What to work on: The entries that follow must be given again exactly, with the pictures excluded.

Exercise data:
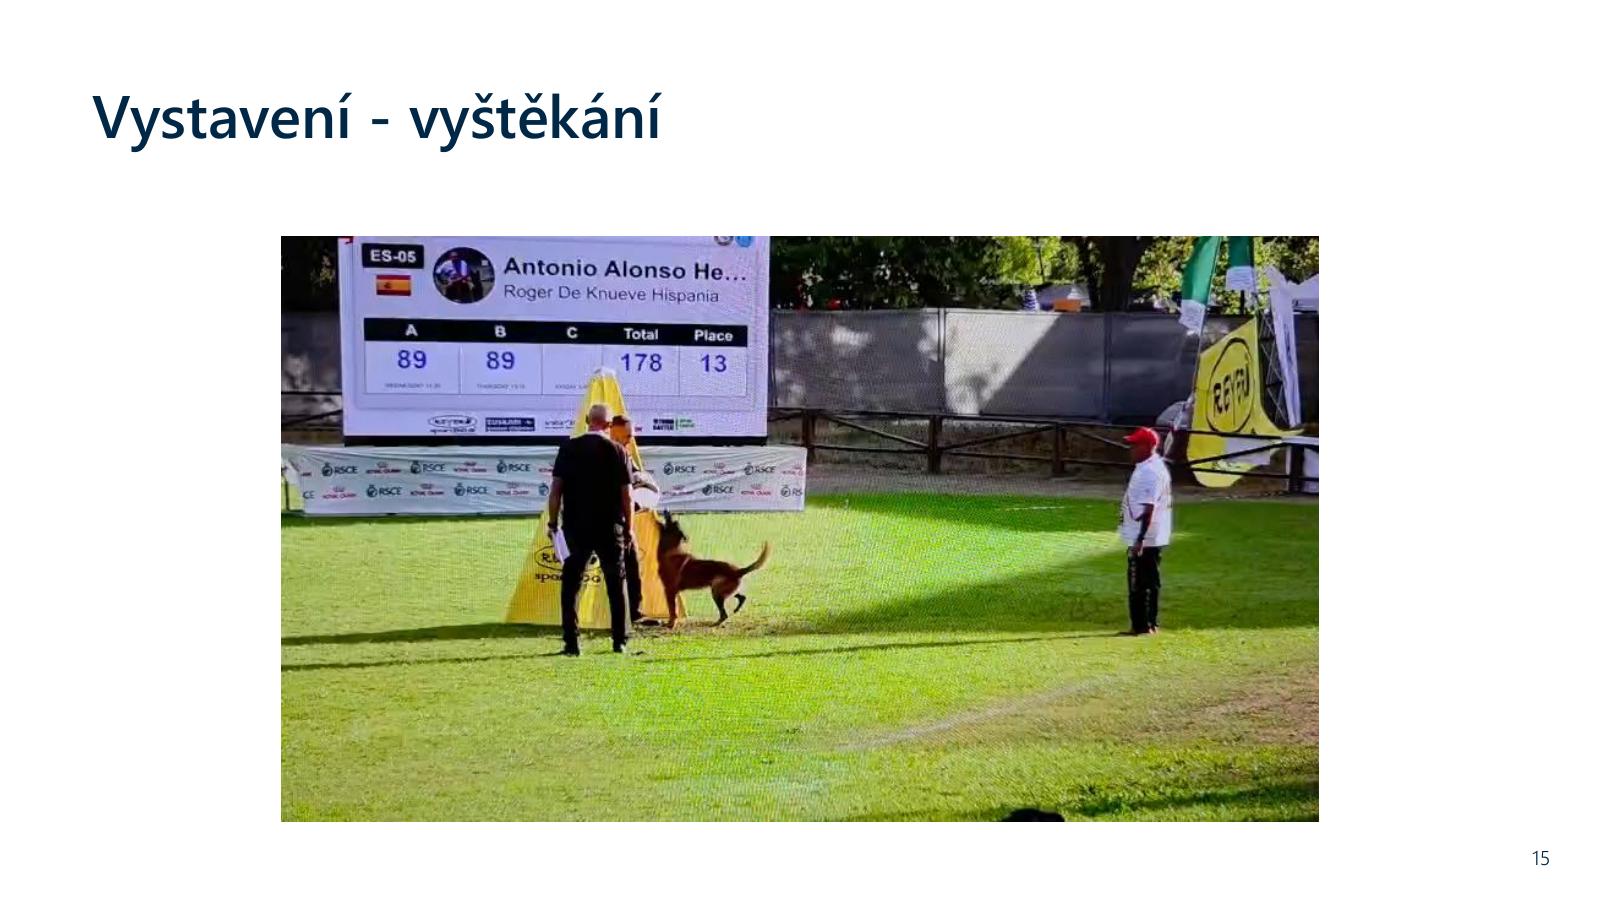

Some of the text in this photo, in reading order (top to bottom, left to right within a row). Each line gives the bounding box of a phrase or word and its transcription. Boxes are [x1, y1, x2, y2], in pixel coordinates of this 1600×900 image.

[370, 249, 417, 263] ES-05
[504, 257, 597, 277] Antonio
[604, 260, 686, 279] Alonso
[504, 285, 719, 304] Roger De Knueve Hispania
[405, 324, 418, 336] A
[494, 325, 507, 338] B
[566, 326, 579, 339] C
[624, 327, 659, 340] Total
[694, 329, 734, 342] Place
[397, 350, 427, 369] 89
[486, 351, 515, 370] 89
[620, 353, 663, 372] 178
[701, 354, 727, 372] 13
[422, 464, 445, 472] RSCE
[508, 464, 531, 472] RSCE
[673, 465, 697, 474] RSCE
[380, 487, 401, 495] RSCE

Exercise solution:
Some of the text in this photo, in reading order (top to bottom, left to right within a row). Each line gives the bounding box of a phrase or word and its transcription. Boxes are [x1, y1, x2, y2], in pixel coordinates of this 1600×900 image.

[370, 249, 417, 263] ES-05
[504, 257, 597, 277] Antonio
[604, 260, 686, 279] Alonso
[504, 285, 719, 304] Roger De Knueve Hispania
[405, 324, 418, 336] A
[494, 325, 507, 338] B
[566, 326, 579, 339] C
[624, 327, 659, 340] Total
[694, 329, 734, 342] Place
[397, 350, 427, 369] 89
[486, 351, 515, 370] 89
[620, 353, 663, 372] 178
[701, 354, 727, 372] 13
[422, 464, 445, 472] RSCE
[508, 464, 531, 472] RSCE
[673, 465, 697, 474] RSCE
[380, 487, 401, 495] RSCE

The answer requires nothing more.